Edward me levantó sin esfuerzo; Carlisle mantuvo firme la presión sobre mi brazo y me preguntó:
—¿Cómo te encuentras, Bella?
—Estoy bien —mi voz sonó razonablemente firme, lo cual me agradó.
El rostro de Edward parecía tallado en piedra.
Alice ya se encontraba allí. El maletín negro de Carlisle descansaba encima de la mesa, cerca del pequeño pero intenso foco de luz de un flexo enchufado a la pared. Edward me sentó con dulzura en una silla. Carlisle acercó otra y se puso a trabajar sin hacer pausa alguna.
Edward permaneció de pie a mi lado, todavía alerta, aunque continuaba sin respirar.
—Sal, Edward —suspiré.
—Puedo soportarlo —insistió, pero su mandíbula estaba rígida y sus ojos ardían con la intensidad de la sed contra la que luchaba, una sed aún peor que la de los demás.
—No tienes por qué comportarte como un héroe. Carlisle puede curarme sin tu ayuda. Sal a tomar un poco el aire.
Hice un gesto de malestar cuando Carlisle me hizo algo en el brazo que dolió.
—Me quedaré —decidió él.
—¿Por qué eres tan masoquista? —mascullé.
Carlisle decidió interceder.
—Edward, quizás deberías ir en busca de Jasper antes de que la cosa vaya a más. Estoy seguro de que se sentirá fatal y dudo que esté dispuesto a escuchar a ningún otro que no seas tú en estos momentos.
—Sí —añadí con impaciencia—. Ve a buscar a Jasper.
—De ese modo, harías algo útil —apostilló Alice.
Edward entrecerró los ojos como si pensara que nos habíamos confabulado contra él, pero finalmente, asintió y salió sin hacer ruido por la puerta trasera de la cocina. Estaba segura de que no había inspirado ni una sola vez desde que me corté el dedo.

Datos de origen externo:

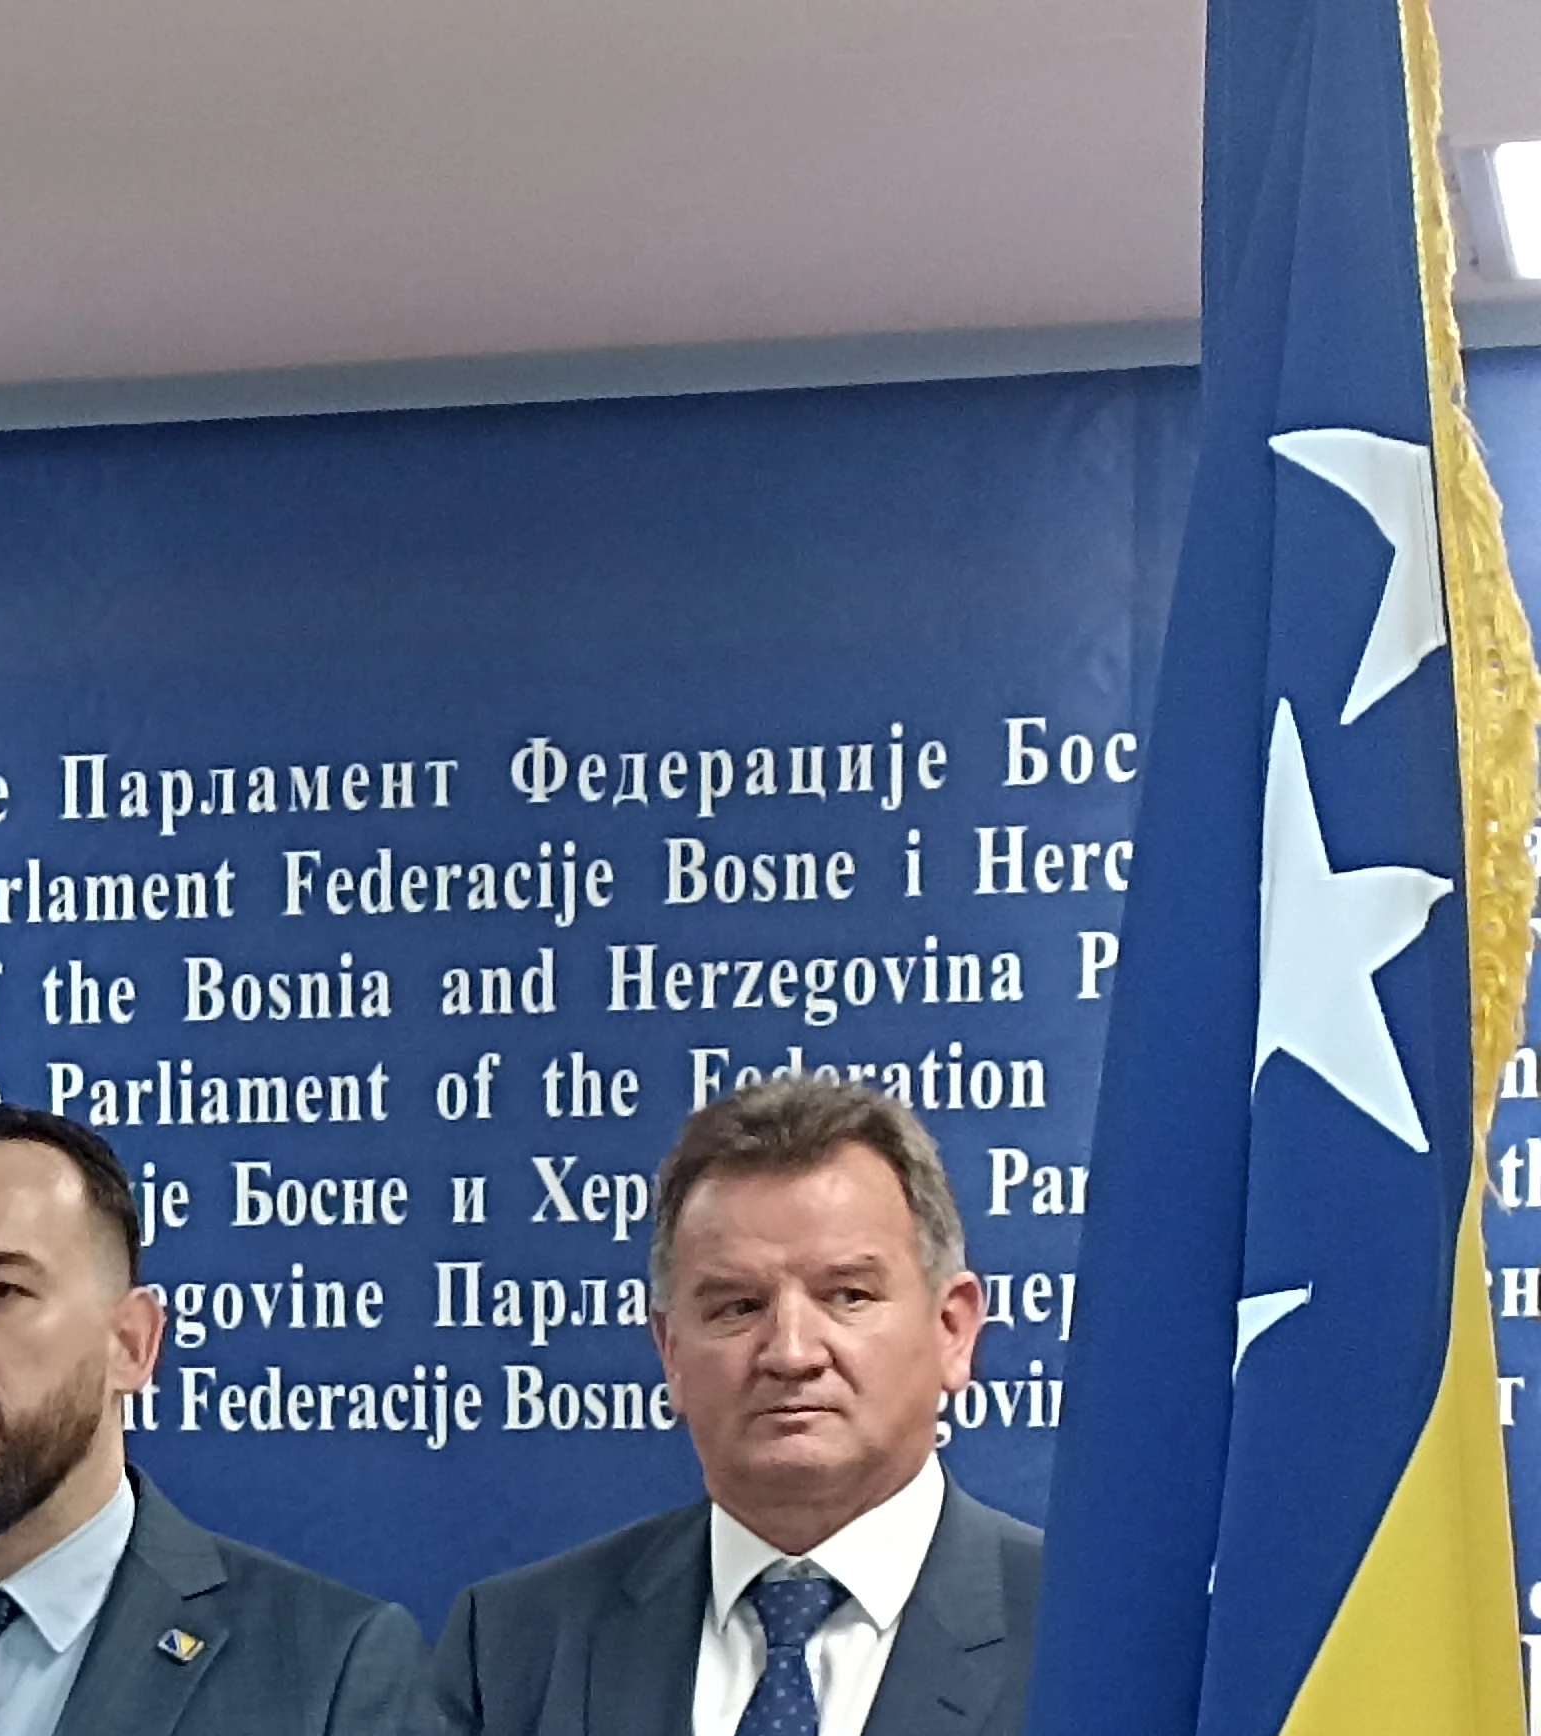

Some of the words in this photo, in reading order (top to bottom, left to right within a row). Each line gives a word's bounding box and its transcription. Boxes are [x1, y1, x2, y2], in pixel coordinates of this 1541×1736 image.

[62, 754, 457, 836] Парламент
[511, 723, 946, 817] Федерације
[1004, 718, 1136, 785] Бос
[284, 841, 613, 927] Federacije
[665, 839, 855, 904] Bosne
[906, 829, 921, 896] i
[43, 961, 135, 1024] the
[185, 953, 391, 1021] Bosnia
[443, 948, 555, 1015] and
[608, 936, 1023, 1026] Herzegovina
[47, 1060, 389, 1126] Parliament
[437, 1053, 500, 1120] of
[543, 1052, 638, 1117] the
[232, 1162, 407, 1226] Босне
[453, 1178, 485, 1222] и
[149, 1263, 384, 1349] govine
[434, 1262, 648, 1347] Парла
[179, 1365, 481, 1449] Federacije
[503, 1365, 678, 1431] Bosne
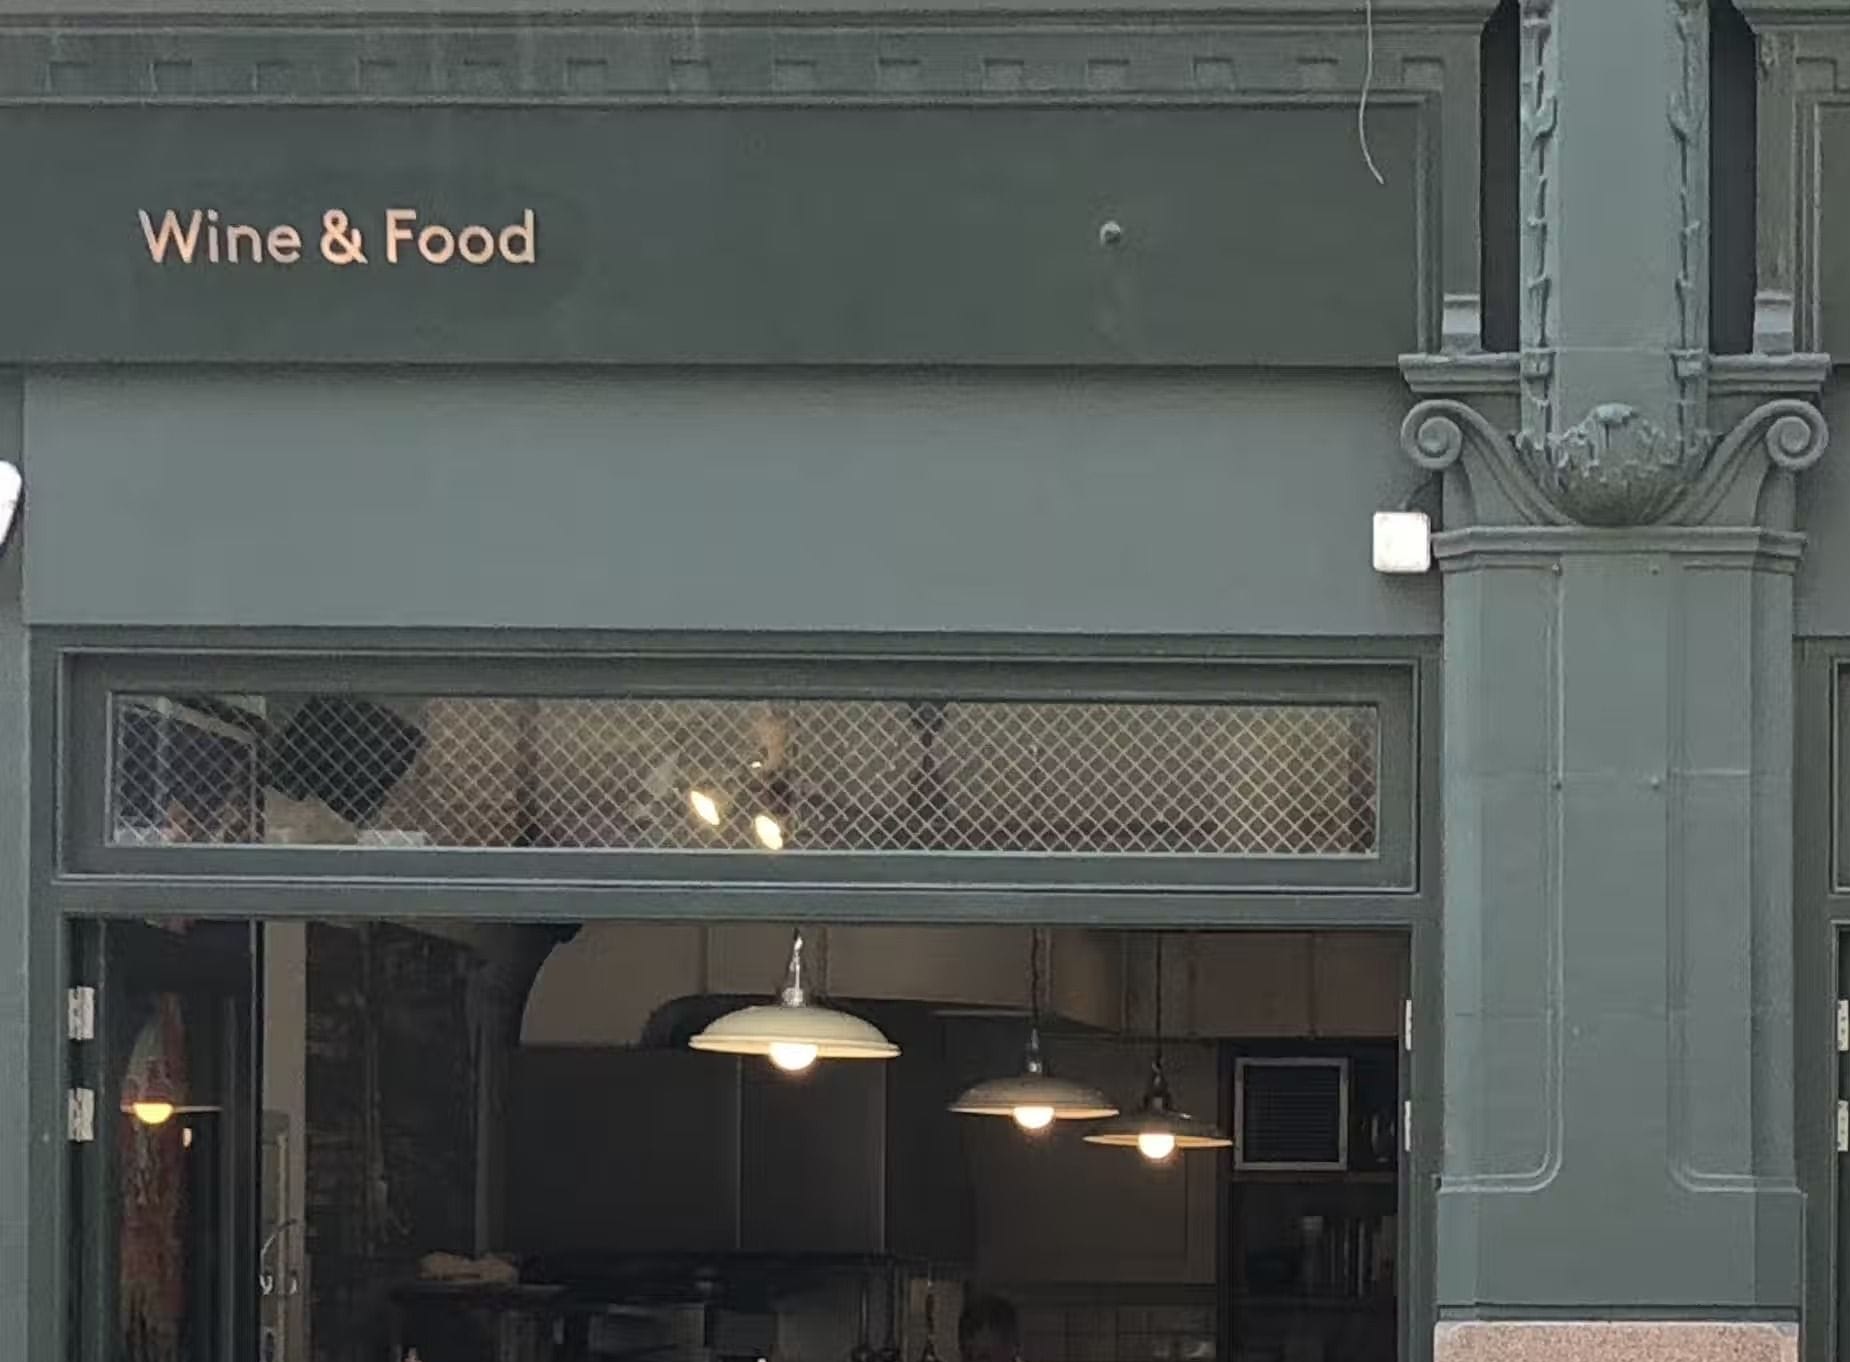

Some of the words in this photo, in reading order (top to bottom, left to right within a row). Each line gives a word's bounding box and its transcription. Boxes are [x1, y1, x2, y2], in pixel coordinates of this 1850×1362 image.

Una sensación de entumecimiento y pesadez se extendía por mi brazo y, aunque aliviaba el dolor, me recordaba el tajo que me había hecho, así que me dediqué a mirar el rostro de Carlisle con gran atención para distraerme de lo que hacían sus manos. Su cabello destellaba como el oro bajo la potente luz cuando se inclinó sobre mi brazo. Sentía ligeros pinchazos de malestar en la boca del estómago, pero estaba decidida a no dejarme dominar por mis remilgos habituales. Ahora no me dolía, sólo tenía una suave sensación de tirantez que procuré ignorar. No había motivo para sentirme enferma como si fuera un bebé.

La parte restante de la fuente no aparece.